24 July 2012  |  3009 views  |  0

For several years, the blogs and news stories on these pages have discussed a variety of threats from this Trojan or that, with Zeus making its first appearance in Finextra’s pages as far back as April 2008. So, whilst it may no longer really be ’news’ it was interesting to see Zeus back in the headlines recently over its latest manifestation in High Roller (http://www.finextra.com/news/fullstory.aspx?newsitemid=23838).

But what was rather more interesting was the reaction of ENISA, the European Network and Information Security Agency. http://www.enisa.europa.eu/media/press-releases/eu-cyber-security-agency-enisa-201chigh-roller201d-online-bank-robberies-reveal-security-gaps

Considering the implications of their statement, it is odd that their press release seems to have quietly slipped under everyone’s radar, so I thought it might be worth highlighting a few of their points, which are essentially the same as those I made at this years UK Card Fraud Conference.

 

Recommendation 1 – Assume all PCs are infected … assume that all of its customers’ PCs are infected – and the banks should therefore take protection measures to deal with this. [their emphasis]

 

Yes, that’s right - all security and fraud controls should work on the premise that I already have control of your machine.

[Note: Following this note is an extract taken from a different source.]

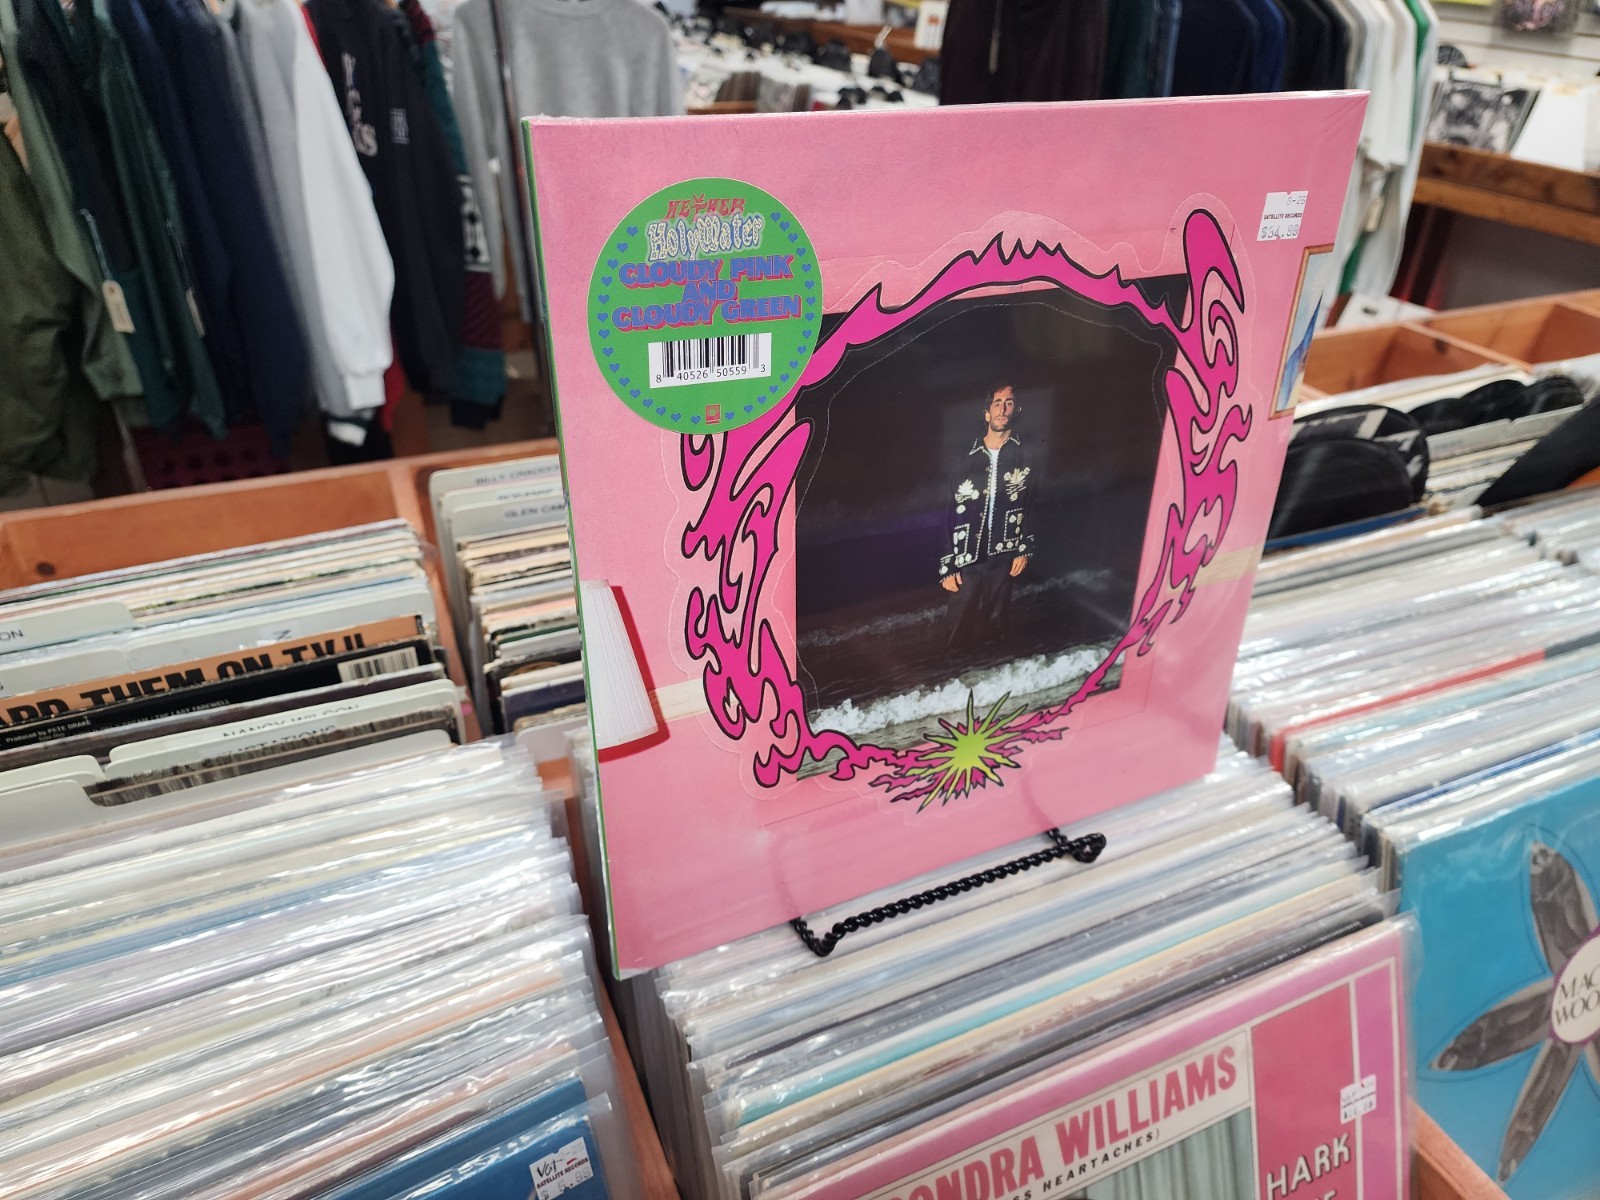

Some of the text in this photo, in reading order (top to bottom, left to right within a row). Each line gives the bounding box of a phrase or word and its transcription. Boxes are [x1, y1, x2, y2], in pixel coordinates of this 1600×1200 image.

So that One Time Passcode you just generated on that pin pad, and the shared secret you just entered. They’re mine too – thanks for those.

 

Recommendation 2 - Secure online banking devices: Many online banking systems, some with one-time transaction codes, calculators or smartcard readers, work based on the assumption that the customer’s PC is not infected. Given the current state of PC security, this assumption is dangerous.

So recommendation1 is that banks should assume PCs are infected, and recommendation 2 is that this means that it is dangerous to assume that they are not. But it does go on to say …

For example, a basic two factor authentication does not prevent man-in-the-middle or man-in-the-browser attacks  on transactions. Therefore, it is important to cross check with the user the value and destination of certain transactions, via a trusted channel, on a trusted device

 

This puts us in a very interesting position in the light of the EU Green Paper on future payments, the ECB consultation on Security of online payments, and even the forthcoming Data Protection Regulation, because all the strong authentication mechanisms cited in these papers fail this basic check.

And this goes much further than just your bank, because if I own your machine, which I do, I own your online identity as a whole, be it with your company, with your Government services, with the lot. Thanks for those.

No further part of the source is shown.